* [Your task]: Each entry must be given again exactly; images do not belong in the copy.

BEGIN Extracted material

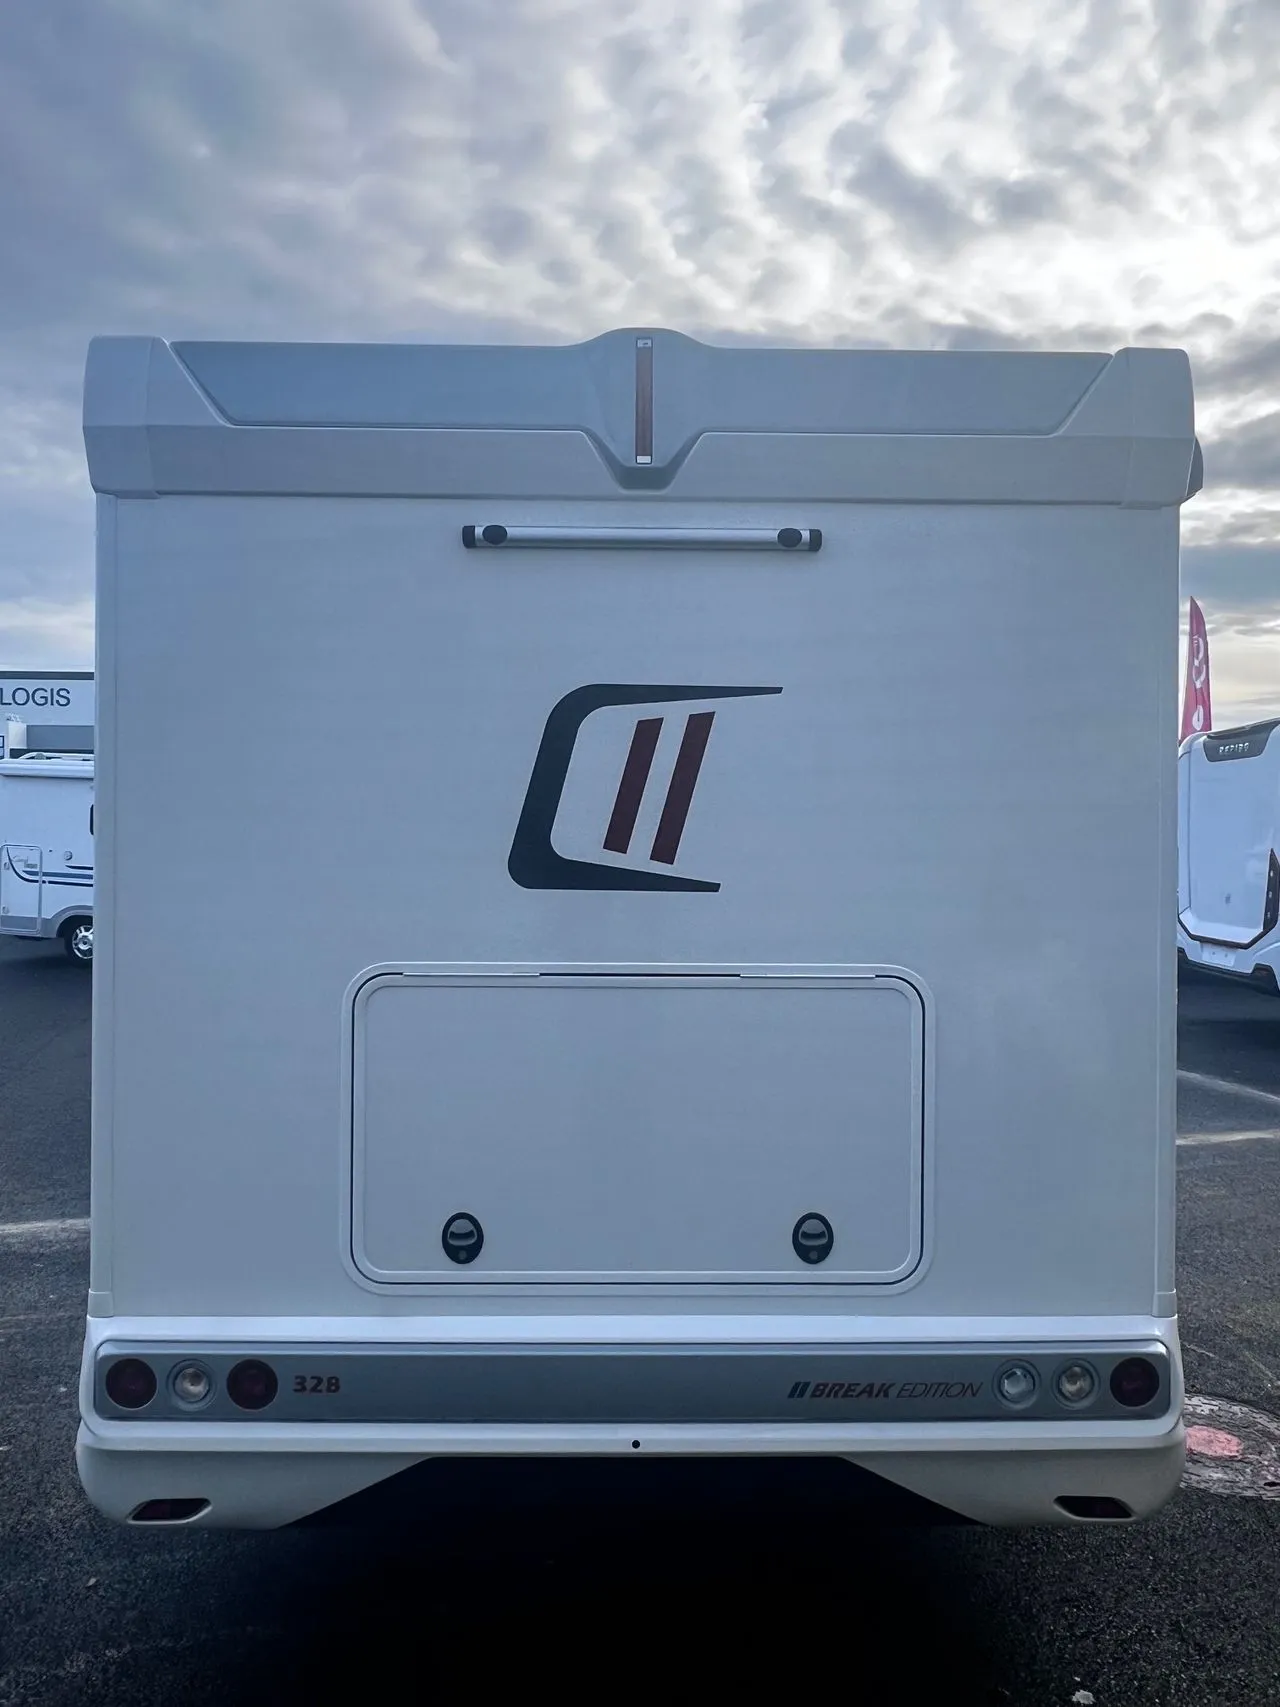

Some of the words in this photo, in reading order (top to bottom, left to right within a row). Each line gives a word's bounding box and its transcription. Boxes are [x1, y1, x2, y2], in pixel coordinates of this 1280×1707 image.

[0, 687, 71, 707] LOGIS
[292, 1375, 341, 1393] 328
[810, 1382, 895, 1399] BREAK
[896, 1382, 984, 1399] EDITION

END Extracted material

* [Written reply]:
Some of the words in this photo, in reading order (top to bottom, left to right within a row). Each line gives a word's bounding box and its transcription. Boxes are [x1, y1, x2, y2], in pixel coordinates of this 1280×1707 image.

[0, 687, 71, 707] LOGIS
[292, 1375, 341, 1393] 328
[810, 1382, 895, 1399] BREAK
[896, 1382, 984, 1399] EDITION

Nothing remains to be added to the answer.